La noche de la Navidad ha estado marcada por la solemnidad y la devoción de los taranconeros que se han congregado en las parroquias de San Víctor y Santa Corona, así como en Nuestra Señora de la Asunción, para participar en la tradicional Misa del Gallo.
En el templo de San Víctor y Santa Corona, la Eucaristía, oficiada por el párroco Miguel Ángel Caballero, y con la ayuda también del vicario Carlos Herraiz resonó con cánticos de villancicos entonados por el coro parroquial y la participación activa de los fieles en lecturas y peticiones. Los bancos casi al completo, la celebración ha estado marcada por la de devoción y espiritualidad de los fieles. En su homilía, el Miguel Angel Caballero subrayó el significado del nacimiento del Niño Jesús como un salvador y el Mesías, «cuyo nacimiento estuvo marcado por la humildad y la sencillez».
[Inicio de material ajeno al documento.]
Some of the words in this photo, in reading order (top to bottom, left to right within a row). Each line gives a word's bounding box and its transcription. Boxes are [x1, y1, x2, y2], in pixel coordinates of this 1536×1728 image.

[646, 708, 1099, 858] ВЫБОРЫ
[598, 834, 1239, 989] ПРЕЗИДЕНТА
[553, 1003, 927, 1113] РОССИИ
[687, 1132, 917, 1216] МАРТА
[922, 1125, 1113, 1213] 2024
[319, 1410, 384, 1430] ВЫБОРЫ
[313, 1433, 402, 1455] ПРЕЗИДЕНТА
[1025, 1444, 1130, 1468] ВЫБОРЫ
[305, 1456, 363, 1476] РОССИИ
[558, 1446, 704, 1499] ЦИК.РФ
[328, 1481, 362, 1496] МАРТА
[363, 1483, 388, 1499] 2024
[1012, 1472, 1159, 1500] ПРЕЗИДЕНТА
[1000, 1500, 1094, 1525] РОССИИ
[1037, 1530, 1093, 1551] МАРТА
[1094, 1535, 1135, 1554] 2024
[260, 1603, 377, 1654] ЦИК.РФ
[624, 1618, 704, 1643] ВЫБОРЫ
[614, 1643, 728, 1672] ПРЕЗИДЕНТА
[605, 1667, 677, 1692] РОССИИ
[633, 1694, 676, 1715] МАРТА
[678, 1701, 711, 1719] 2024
En la parroquia Nuestra Señora de la Asunción, el párroco Miguel Alberto López presidió la Misa del Gallo, caracterizada por la solemnidad propia de esta celebración. El coro parroquial acompañó la ceremonia con cánticos que enriquecieron la experiencia religiosa de los asistentes.
Tras la Misa del Gallo, la comunidad taranconera revivió la tradición de compartir momentos de confraternización. La degustación de dulces navideños, la interpretación de villancicos y el intercambio de conversaciones proporcionaron un cálido ambiente navideño.
Así, la Misa del Gallo no solo cumplió su función litúrgica, sino que también se convirtió en un espacio de unión para los asistentes durante esta celebración navideña.